Data entries:
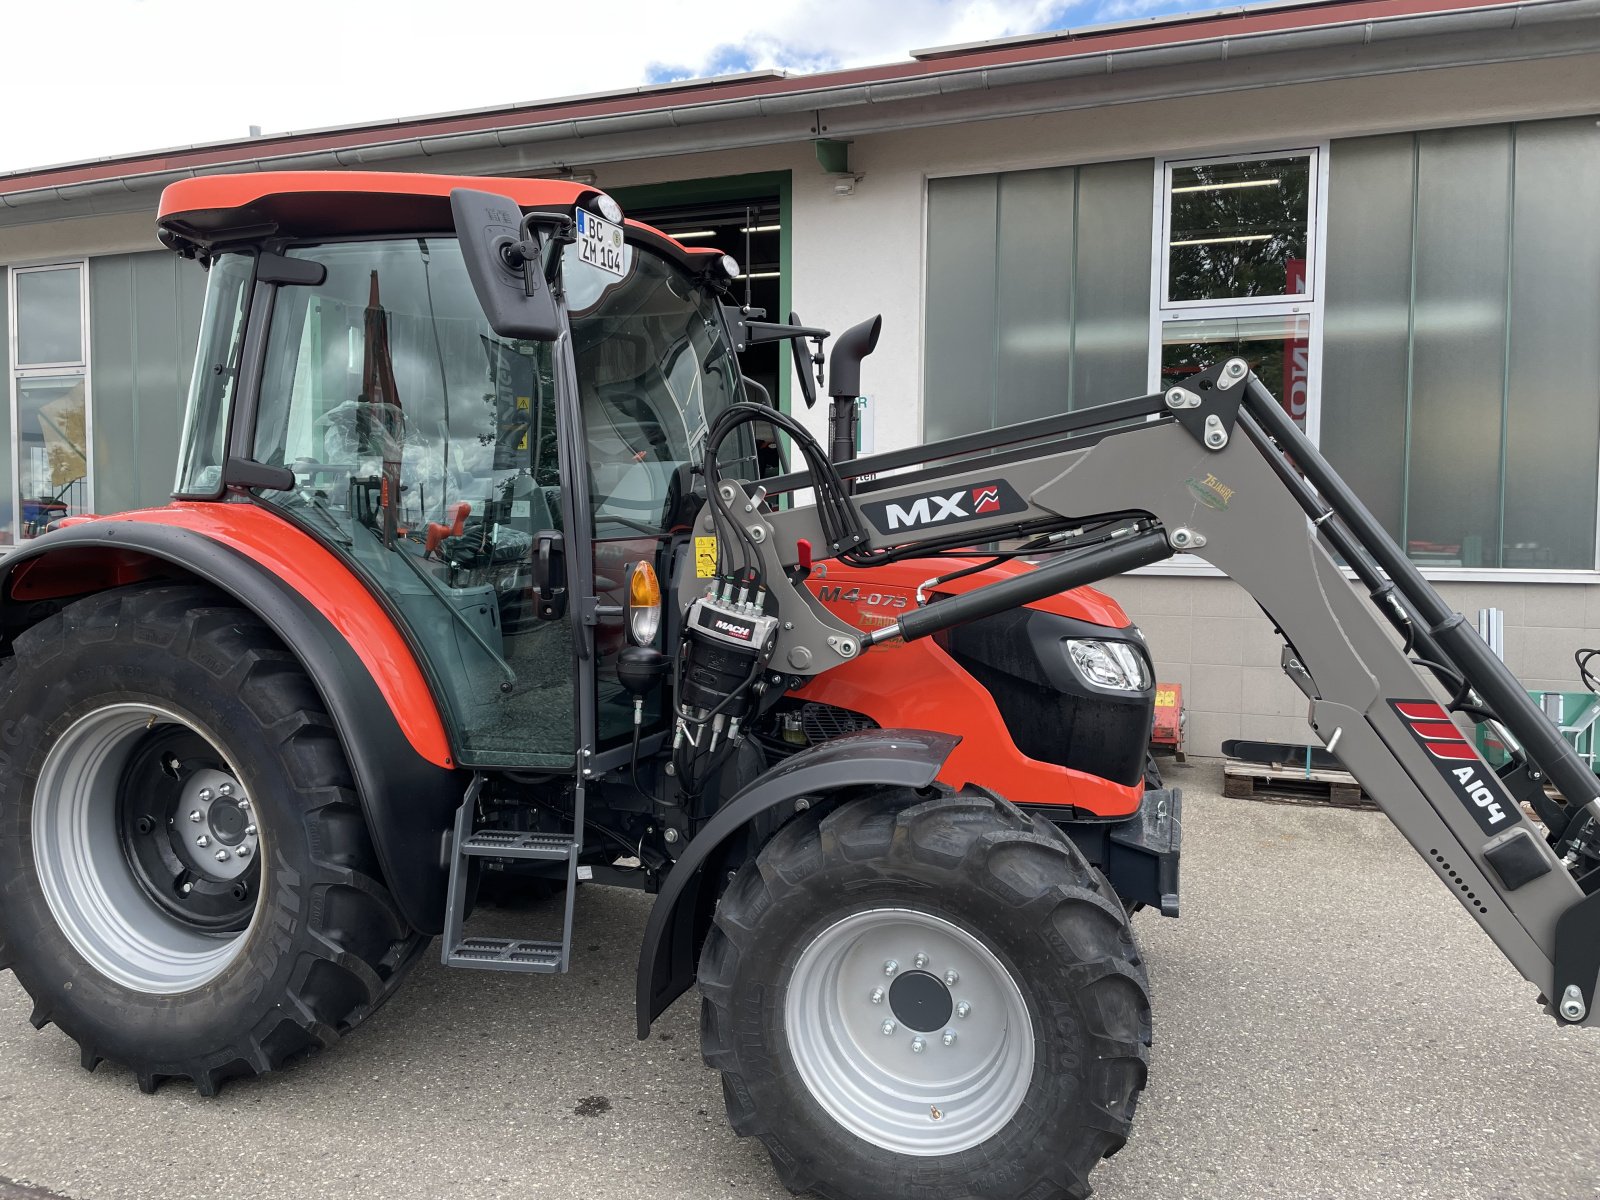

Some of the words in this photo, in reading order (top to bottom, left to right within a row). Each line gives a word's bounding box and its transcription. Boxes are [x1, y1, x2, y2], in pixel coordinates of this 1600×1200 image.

[589, 217, 603, 243] BC
[582, 238, 597, 264] ZM
[600, 246, 621, 272] 104
[886, 490, 970, 530] MX
[715, 620, 751, 636] MACH
[1451, 766, 1507, 825] A104

* Goal of the exercise
Copy the entries exactly. Leave the pictures out.

* Your solution
Some of the words in this photo, in reading order (top to bottom, left to right within a row). Each line gives a word's bounding box and its transcription. Boxes are [x1, y1, x2, y2], in pixel coordinates of this 1600×1200 image.

[589, 217, 603, 243] BC
[582, 238, 597, 264] ZM
[600, 246, 621, 272] 104
[886, 490, 970, 530] MX
[715, 620, 751, 636] MACH
[1451, 766, 1507, 825] A104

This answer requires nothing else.